United States District Court, S.D. Illinois

November 2, 2017

BAHA EDDIN AL MOMANI, #S14377, Plaintiff,



         Plaintiff Baha Al Momani, an inmate who is currently incarcerated in Western Illinois Correctional Center, filed a civil rights action against officials at Menard Correctional Center (“Menard”) pursuant to 42 U.S.C. § 1983. (Doc. 12). Plaintiff alleges that he was violently attacked and seriously injured by his cellmate, after he repeatedly requested and was denied a cell transfer by Menard officials in 2015. (Doc. 12, pp. 1-39). He now brings this suit against the officials who denied his requests for a transfer before and after the attack, including Kimberly Butler (warden), Engelage (officer), Mrs. Creason (mental health counselor), and Menard's Placement Office. Id. Plaintiff seeks monetary damages and injunctive relief against the defendants.[1] (Doc. 12, p. 6).

         The First Amended Complaint is subject to preliminary review under 28 U.S.C. § 1915A, which provides:

(a) Screening - The court shall review, before docketing, if feasible or, in any event, as soon as practicable after docketing, a complaint in a civil action in which a prisoner seeks redress from a governmental entity or officer or employee of a governmental entity.
(b) Grounds for Dismissal - On review, the court shall identify cognizable claims or dismiss the complaint, or any portion of the complaint, if the complaint-
(1) is frivolous, malicious, or fails to state a claim on which relief may be granted; or
(2) seeks monetary relief from a defendant who is immune from such relief.

         An action or claim is frivolous if “it lacks an arguable basis either in law or in fact.” Neitzke v. Williams, 490 U.S. 319, 325 (1989). Frivolousness is an objective standard that refers to a claim that any reasonable person would find meritless. Lee v. Clinton, 209 F.3d 1025, 1026-27 (7th Cir. 2000). An action fails to state a claim upon which relief can be granted if it does not plead “enough facts to state a claim to relief that is plausible on its face.” Bell Atlantic Corp. v. Twombly, 550 U.S. 544, 570 (2007). The claim of entitlement to relief must cross “the line between possibility and plausibility.” Id. at 557. At this juncture, the factual allegations of the pro se complaint are to be liberally construed.

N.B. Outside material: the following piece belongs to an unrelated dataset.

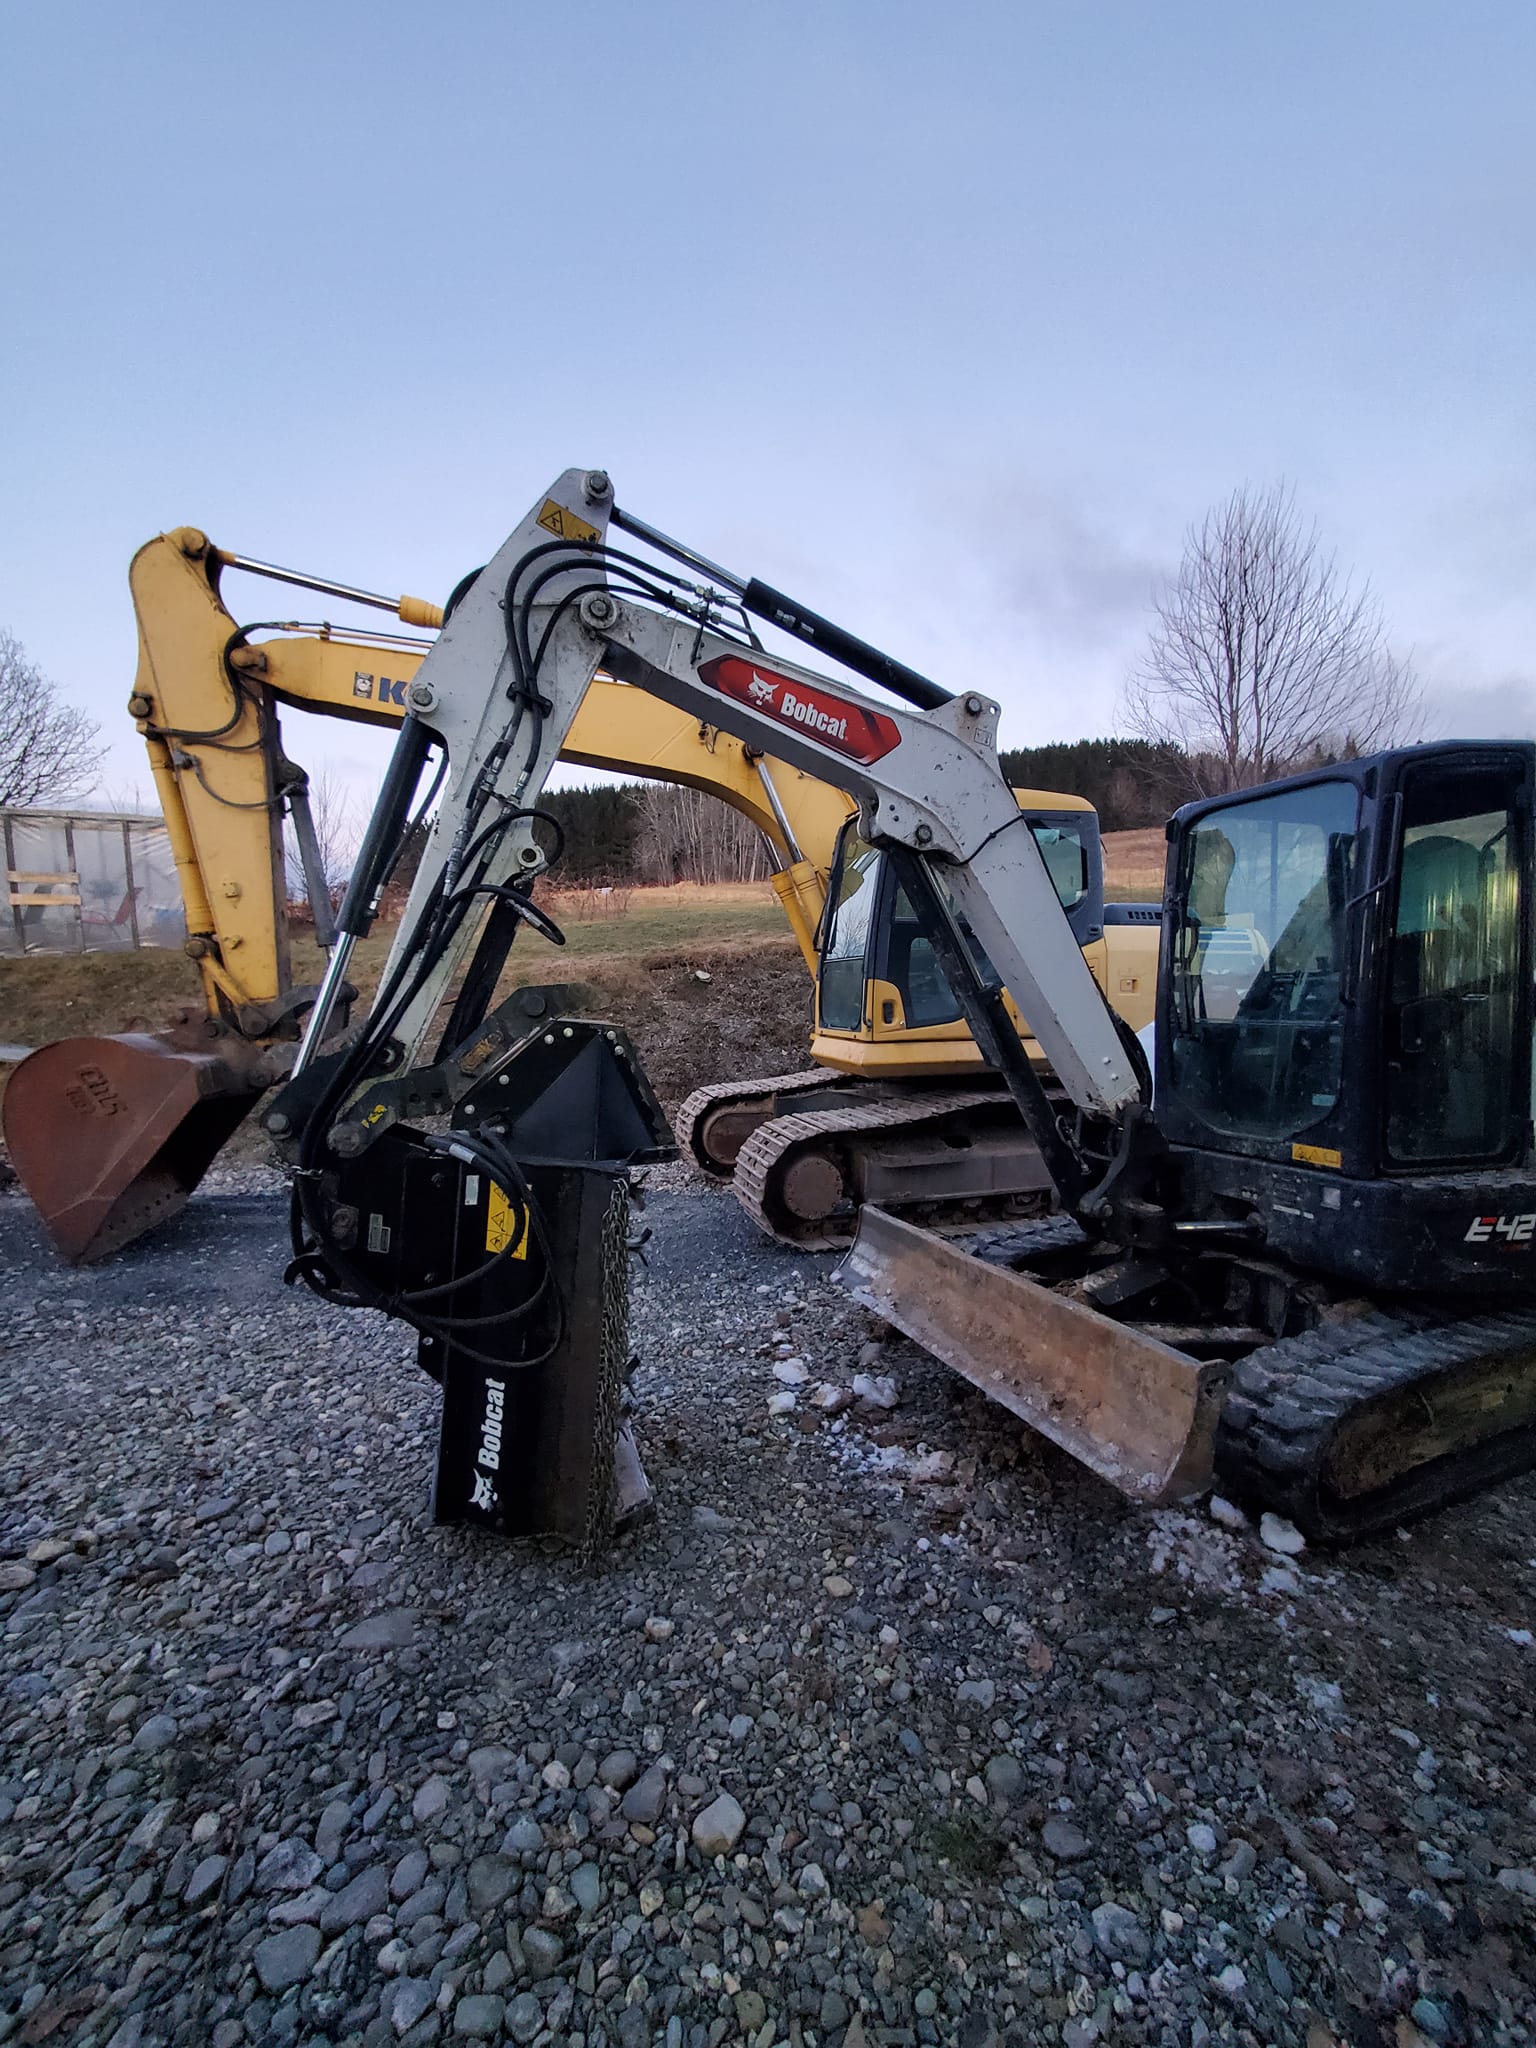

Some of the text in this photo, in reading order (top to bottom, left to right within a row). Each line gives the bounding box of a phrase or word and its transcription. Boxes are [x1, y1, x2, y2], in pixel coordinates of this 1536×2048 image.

[780, 693, 848, 740] Bobcat
[1464, 1214, 1536, 1242] E42
[478, 1378, 505, 1470] Bobcat

See Rodriguez v. Plymouth Ambulance Serv., 577 F.3d 816, 821 (7th Cir. 2009). The amended complaint survives screening under this standard.

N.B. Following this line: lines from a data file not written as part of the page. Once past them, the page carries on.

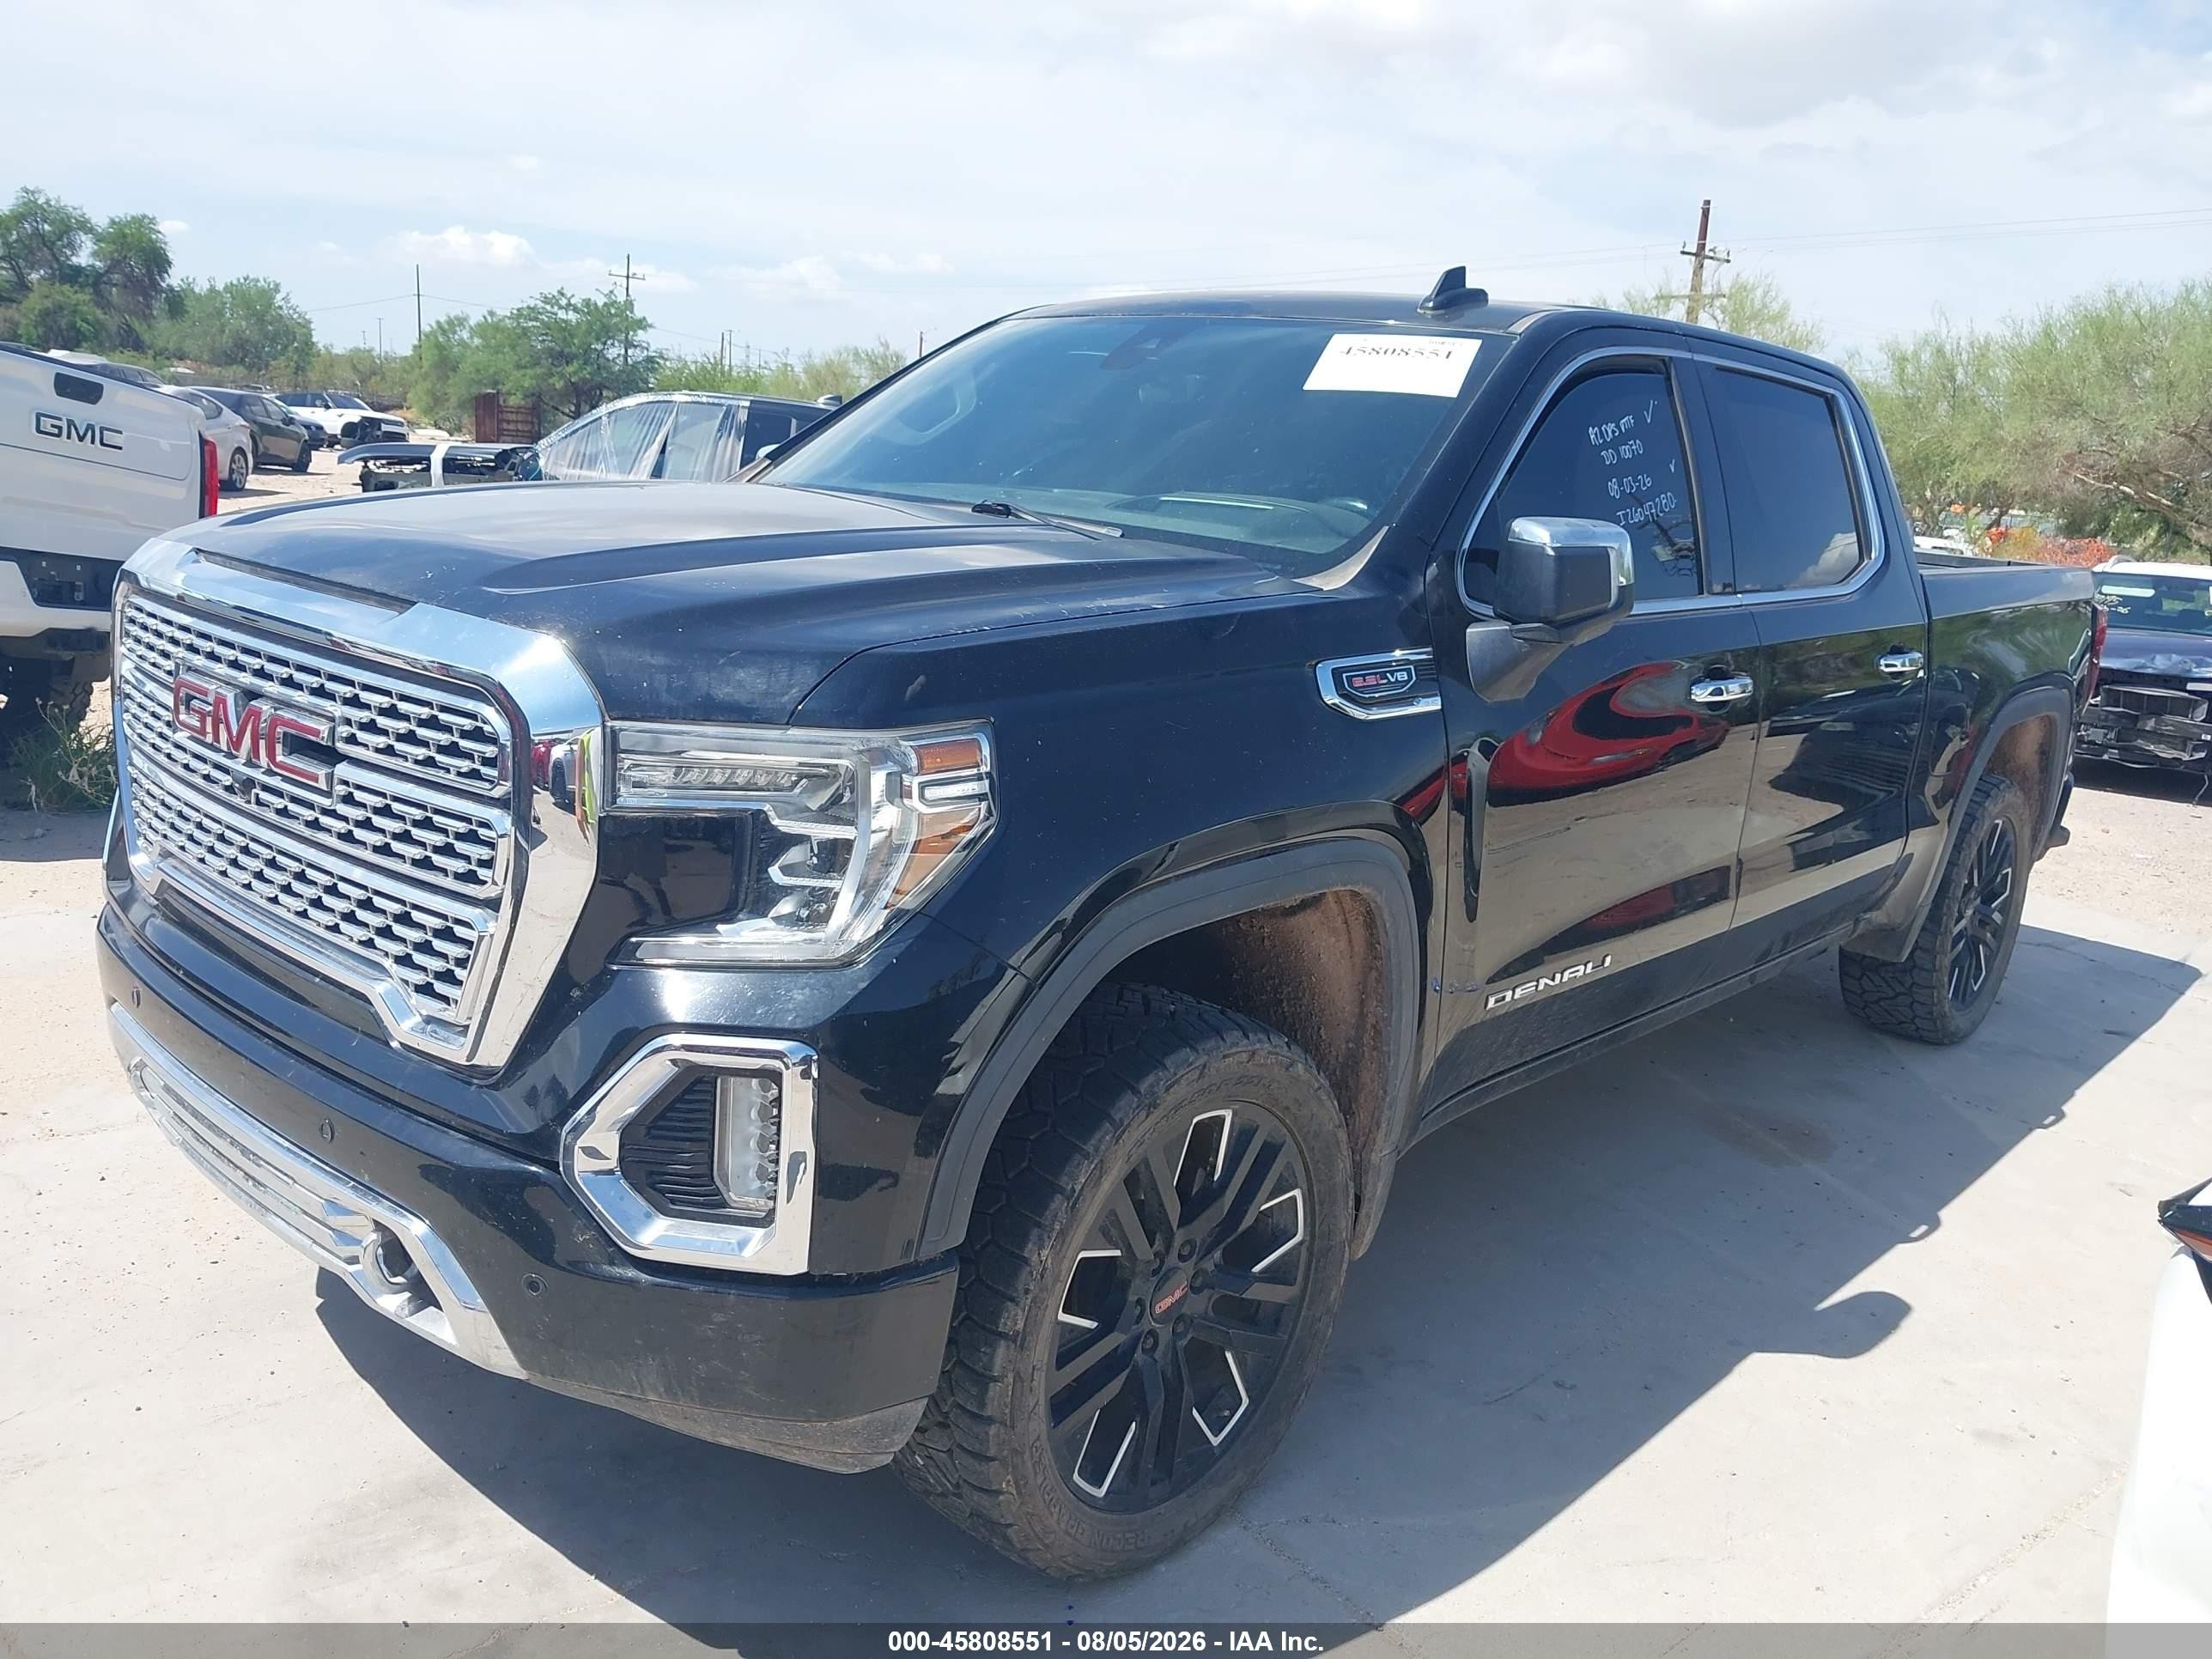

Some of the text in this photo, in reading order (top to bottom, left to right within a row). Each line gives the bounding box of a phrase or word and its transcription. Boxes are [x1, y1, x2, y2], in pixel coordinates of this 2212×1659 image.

[34, 411, 124, 451] GMC
[1607, 473, 1652, 499] 08-03-26
[172, 672, 335, 791] GMC
[1484, 953, 1612, 1011] DENALI
[1155, 1278, 1188, 1314] GMC

         First Amended Complaint

         On September 17, 2015, Plaintiff was brutally attacked by his cellmate at Menard. (Doc. 12, p. 23.) The attack occurred in Cell 754 of Menard's North 2 Cell House between 12:00-12:50 a.m. (Doc. 12, pp. 13, 23). Although he offers no details regarding the actual attack, Plaintiff alleges that he sustained serious and life-threatening injuries as a result of it, including head trauma, broken teeth, and fractures to his skull, eye socket, and cheek bone. (Doc. 12, pp. 14, 23).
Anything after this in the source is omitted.